Anthony Wilson's The Plan of Paris solo album - the 13th in a career that began in 1997 with his self-titled, Grammy-nominated debut - can be interpreted as a book of individual short stories with detailed, very specific cinematic set pieces conceived as narratives, an intimate, fluid hybrid of jazz, folk and blues.
His longtime main ensemble - Wilson on guitar and vocals accompanied by Blue Note recording artist Gerald Clayton on piano and keyboards, bassist David Piltchand Jay Bellerose on drums and percussion - helps bring the tales to life with these musical settings much as, say, Jonny Greenwood's score does in Power of the Dog.
Wilson relates these scenarios in an almost matter-of-fact conversational tone that draws the listener into them with an intimacy that recalls a master storyteller like Diana Krall, which is no mistake because Anthony has played guitar in her quartet since 2001, joining her for a series of shows at Paris' Olympia Theater which turned into the following year's Grammy-winning recording concert film, Live in Paris. The introduction of his vocals and lyrics follows the release of 2016's Frogtown, where he first began incorporating them into his previously instrumental, mostly jazz music.
"I am quite interested in musical story-telling," he says. "I love the juxtaposition of instrumental music and songs with lyrics, even though it confuses people sometimes."
Indeed the subjects on the new album range from the pleasures of pandemic TV binge-watching ("No Intro, No Recap") and a real-life murder ballad torn from the headlines of an '80s newspaper ("A Postmaster's Daughter") to an uplifting tribute to the late Congressman John Lewis' historic Memphis civil rights confrontation ("The Bridge") and an homage to and meditation on the great artists we've recently lost, with a special nod to John Prine ("Dreams and Diamonds"). The sprawling title track is an epic tale of romantic intrigue and an elusive missing person along the Seine, in which one's mind reflects a grid layout depicting the City of Lights, a smokey film noir that touches on both Hitchcock's obsessive Vertigo and Bernardo Bertolucci's fin de siècle Last Tango in Paris.

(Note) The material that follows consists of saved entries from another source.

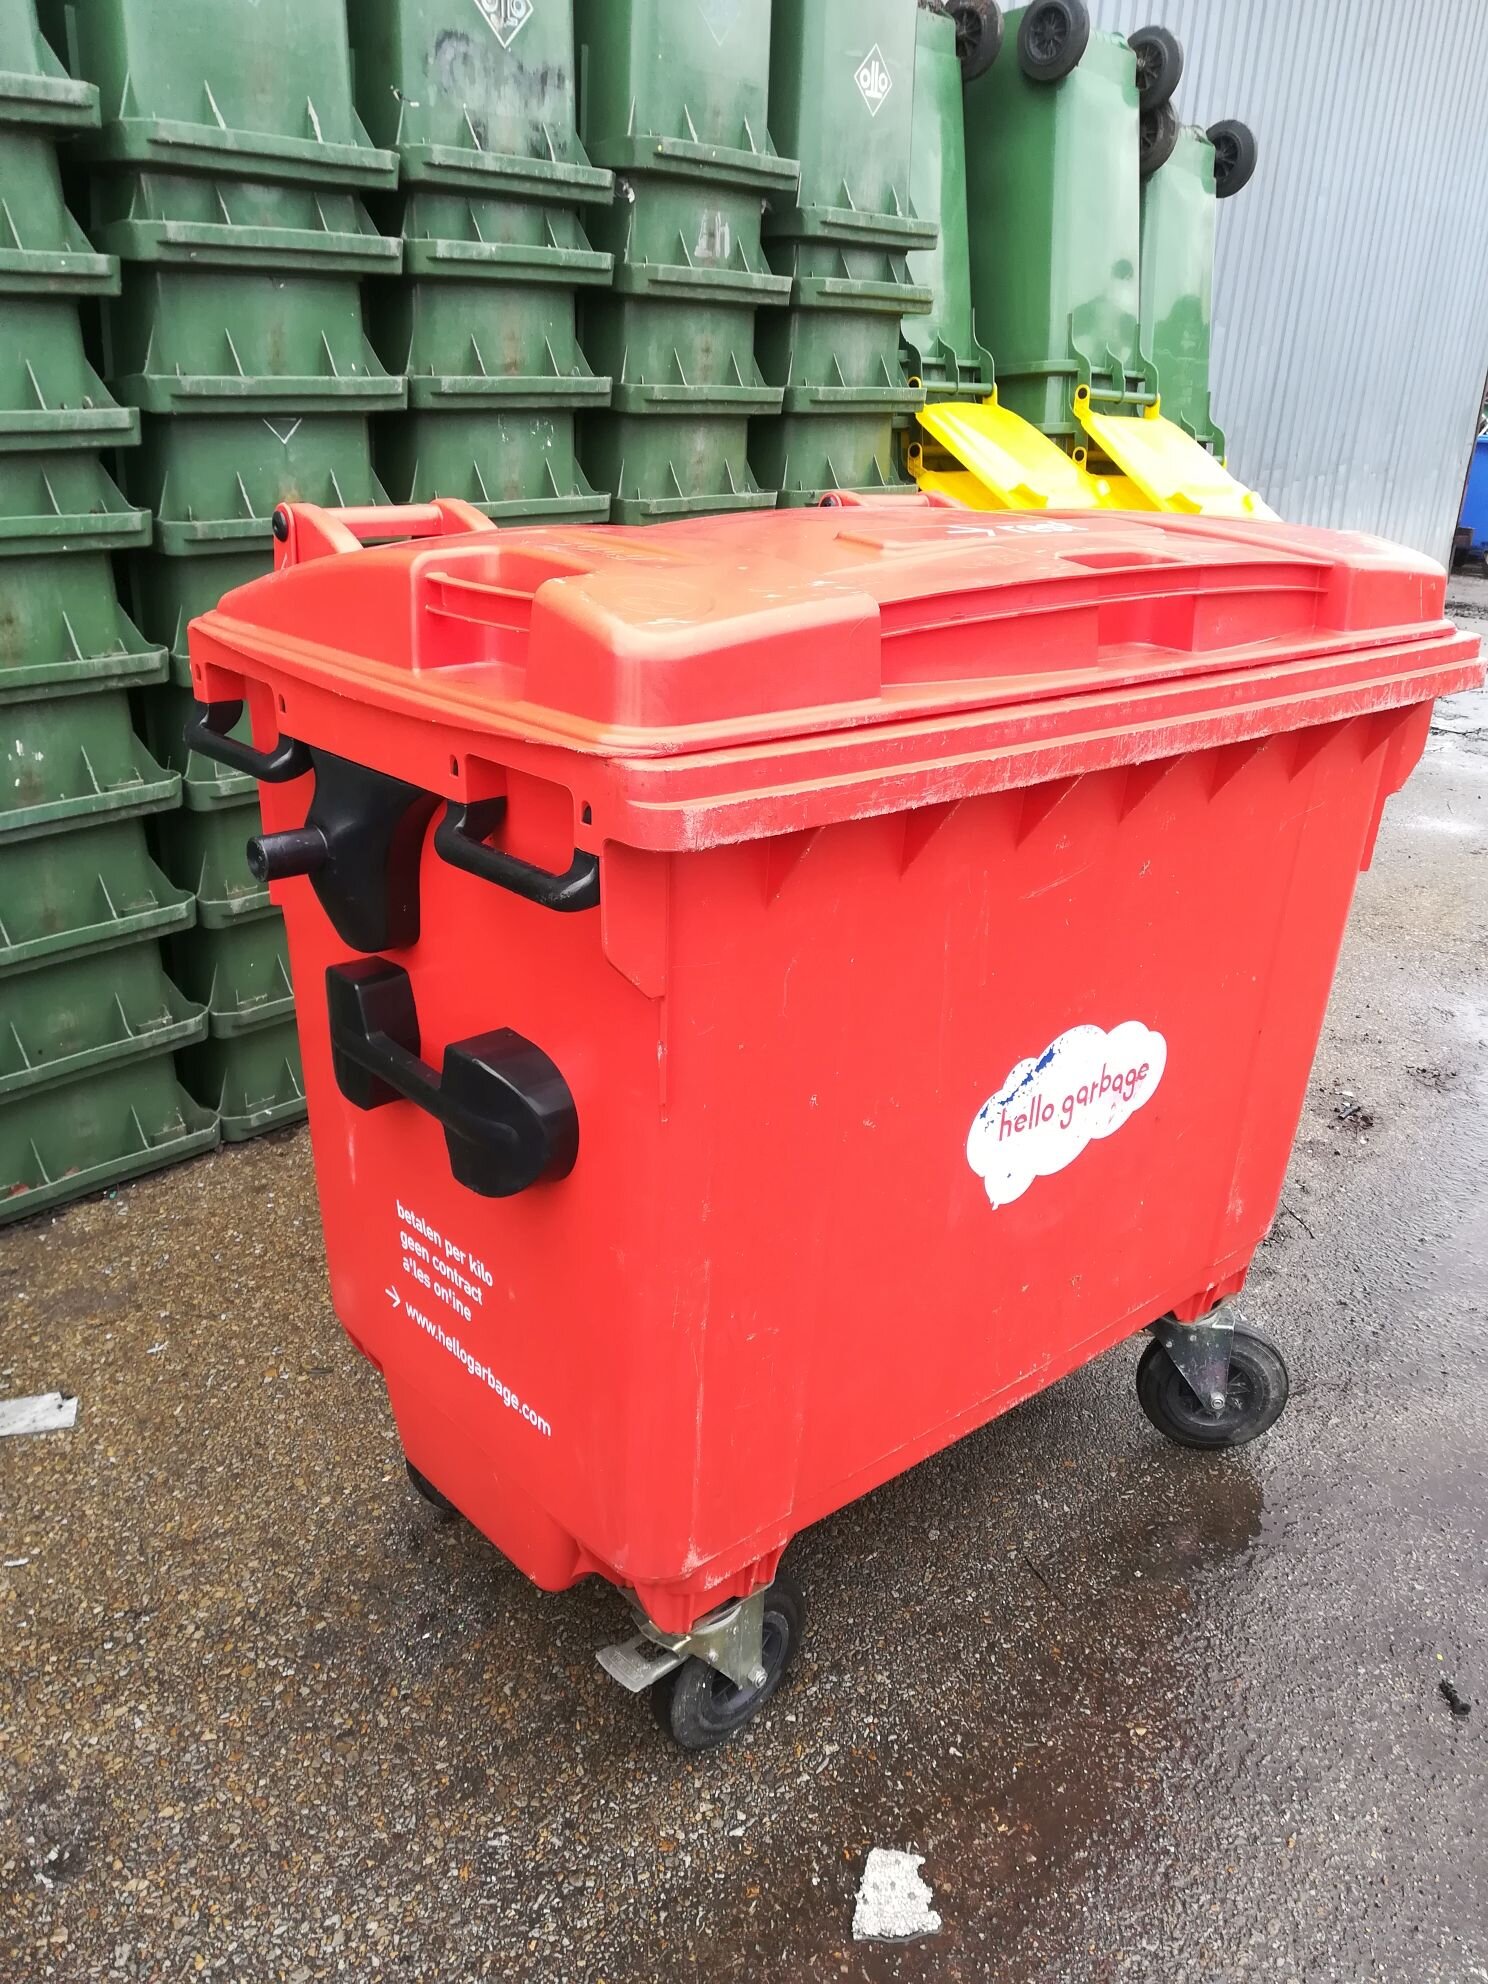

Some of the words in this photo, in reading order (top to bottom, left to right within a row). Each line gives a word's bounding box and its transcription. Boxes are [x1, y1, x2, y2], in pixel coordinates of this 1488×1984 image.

[999, 1094, 1054, 1141] hello
[1060, 1063, 1149, 1129] garbage
[396, 1200, 441, 1247] betalen
[445, 1239, 466, 1264] per
[469, 1254, 493, 1286] kilo
[400, 1231, 429, 1263] geen
[432, 1256, 482, 1305] contract
[405, 1302, 551, 1436] www.hellogarbage.com
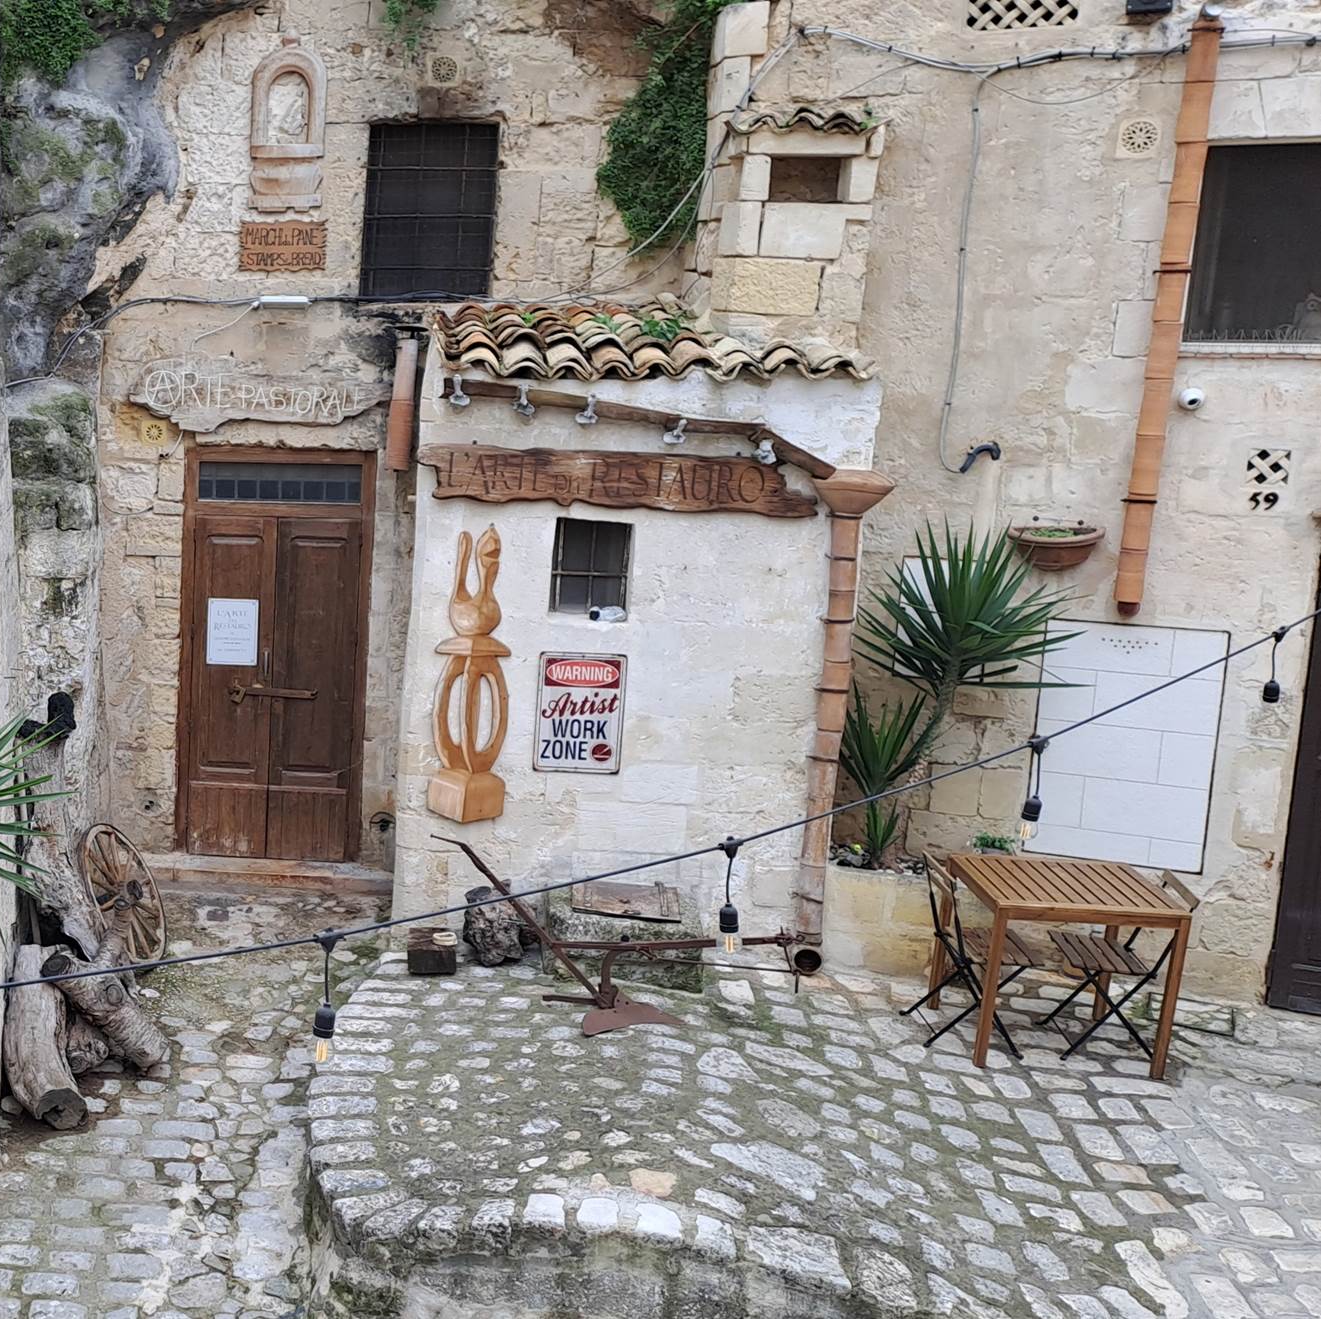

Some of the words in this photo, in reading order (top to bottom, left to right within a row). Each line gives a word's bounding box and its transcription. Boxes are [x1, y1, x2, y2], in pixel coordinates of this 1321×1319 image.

"It's a mental sense of direction, the narrator knowing what he wants and how to go about getting it," says Wilson about the connection between one's inner thoughts and the physical world.
The stories reflect Wilson's love of novelists like Eudora Welty, Flannery O'Connor and Lydia Davis, who "compress a whole narrative in a small space," along with auteur musician/ songwriters like Joni Mitchell, Randy Newman, Harry Nilsson, Leonard Cohen, Stephen Sondheim, Elvis Costello (whom he's gotten to know through Diana Krall) and Prine, featuring "action, detail and reflection."
The Los Angeles-raised Wilson is biracial, the son of legendary, Mississippi delta-born jazz trumpeter and bandleader Gerald Wilson, but it was his mom - with a record collection that included Bud Powell, Sonny Rollins and Charlie Parker, but also The Band, Erik Satie and Crosby, Stills & Nash - who informed the musical eclecticism reflected in The Plan of Paris. Wilson's influences range from Duke Ellington, Gil Evans and jazz guitarists like Wes Montgomery and Larry Coryell (whom he saw as a teenager play live at L.A.'s legendary McCabe's Guitar Shop) to traditional blues musicians Robert Johnson, Muddy Waters, Charley Patton, and T-Bone Walker, to genre-crossing hybrid bluesman Ry Cooder.
Over the years, Wilson's recorded with Paul McCartney, Barbra Streisand, Willie Nelson, Leon Russell, Charles Lloyd, Mose Allison, Bobby Hutcherson, Joe Henry, Gladys Knight, Randy Crawford, and Joe Sample, among many others.
Recorded largely live in Los Angeles with co-producer Joe Harley and engineer Pete Min during pandemic quarantine, The Plan of Paris reflects the isolation all of us experienced during those still-unprecedented times, with Wilson creating a world inside his head.
It's the kind of music we all need to hear right now.